Wir gammelten herum, wie man das halt so machte in diesen Tagen. Jens zauberte eine hervorragende Reispfanne aus seinem feurigen Arsche hervor. Geldwechseln ist auch spaßig. Und für die Ossis eine Nachricht hinterlassen ebenfalls. Gegen Abend ging es zum Cafe obendrauf, wo das Foto entstanden ist, das man sich am besten gleich mal anschaut. Und Jonathan sieht wohl aus wie Manuwel, Julians Bruder. [Ich hab es nicht eingescannt, Schande über mich]

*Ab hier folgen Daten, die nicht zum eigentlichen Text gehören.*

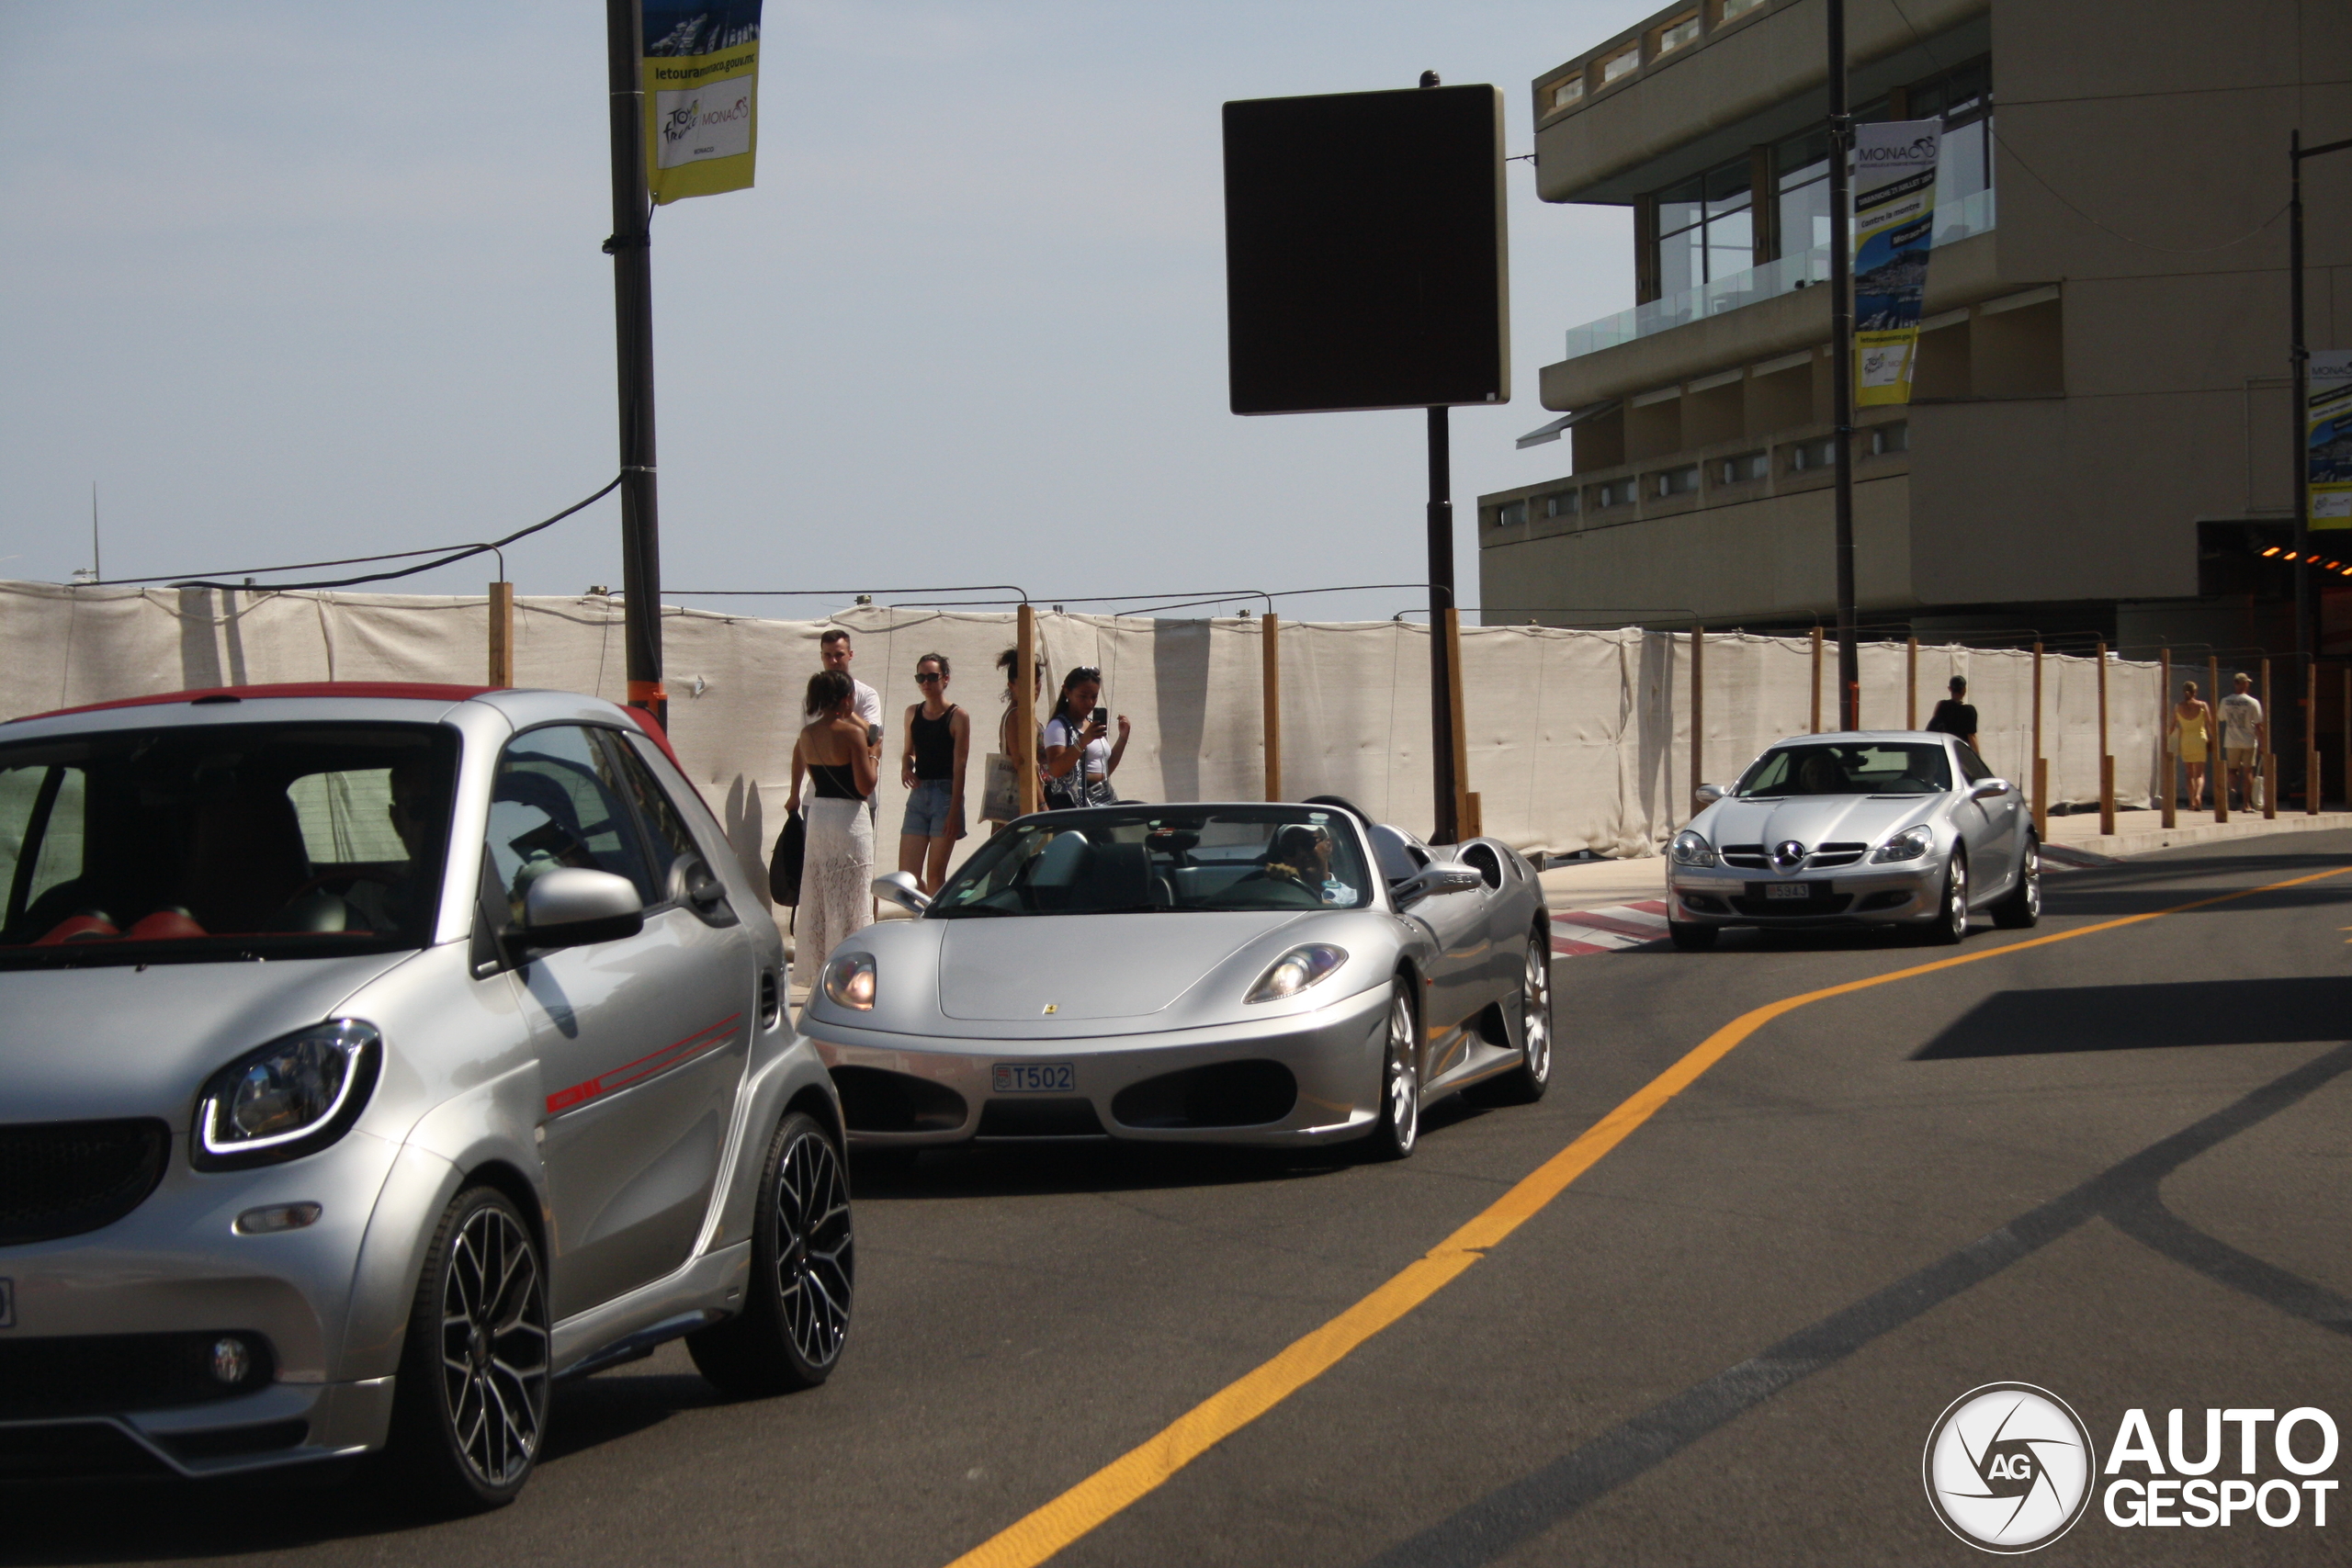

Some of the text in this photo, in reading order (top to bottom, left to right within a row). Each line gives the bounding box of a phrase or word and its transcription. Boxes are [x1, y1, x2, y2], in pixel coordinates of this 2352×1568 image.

[1859, 143, 1936, 162] MONACO
[1858, 189, 1891, 207] DIMANCHE
[1860, 215, 1885, 229] Contre
[1893, 202, 1921, 217] montre
[2312, 366, 2352, 375] MONAC
[1013, 1066, 1070, 1089] T502

Heute nicht so spät heim, morgen früh aufstehen, die Kurische Nehrung ruft, schreit geradezu. Wir stehen Montag in der Herrkotzfrühe von 6:30 Uhr auf, ich jedenfalls versuche im Bus nach Klaipeda zu pennen. Nach knapp zweieinhalb Stunden oder so kommen wir an. Oder vier Stunden? Egal, wir verfuhren uns jedenfalls erst mal kräftig, drei Mal in die falsche Richtung, aber son Taxi ist ja auch nicht teuer. Bis wir dann die Fähre erreichten. Alles latent angeritzt mit der Tatsache, lieber nicht den Rückbus, die letzte Fähre etc. zu verpassen.
Wir setzten fröhlich über, es war ein wundervoller TAAAG. Und da hatte einer ein Eminem T-Shirt an, oder irgendwas mit HipHop schwirrt mir im Kopf rum, wenn ich da alte Memorycards ausgrabe. Wir machten uns auf den Weg in Richtung Strand/Killerdüne (übrigens die, an der Verheugen nacktbaden war, damals zwar nicht, aber immerhin). Es ging durch den Wald, der durchsetzt war von Trimm-dich-Ereiferungen. Ein hübscher Weg ohne Kies, dass es sowas noch gibt. Dann kamen wir zum Deich (?), jedenfalls gings kurz hoch und schon haute uns der Wind seine Argumente um die Ohren, dass es nur so pfiff. Aber der Strand war göttlich, keine Sau nirgends, schön frisch, aber immer noch warm genug, nicht zu sterben. Ich untergrabe Julians Autorität (seinen Arsch) und er fällt nach hinten herab.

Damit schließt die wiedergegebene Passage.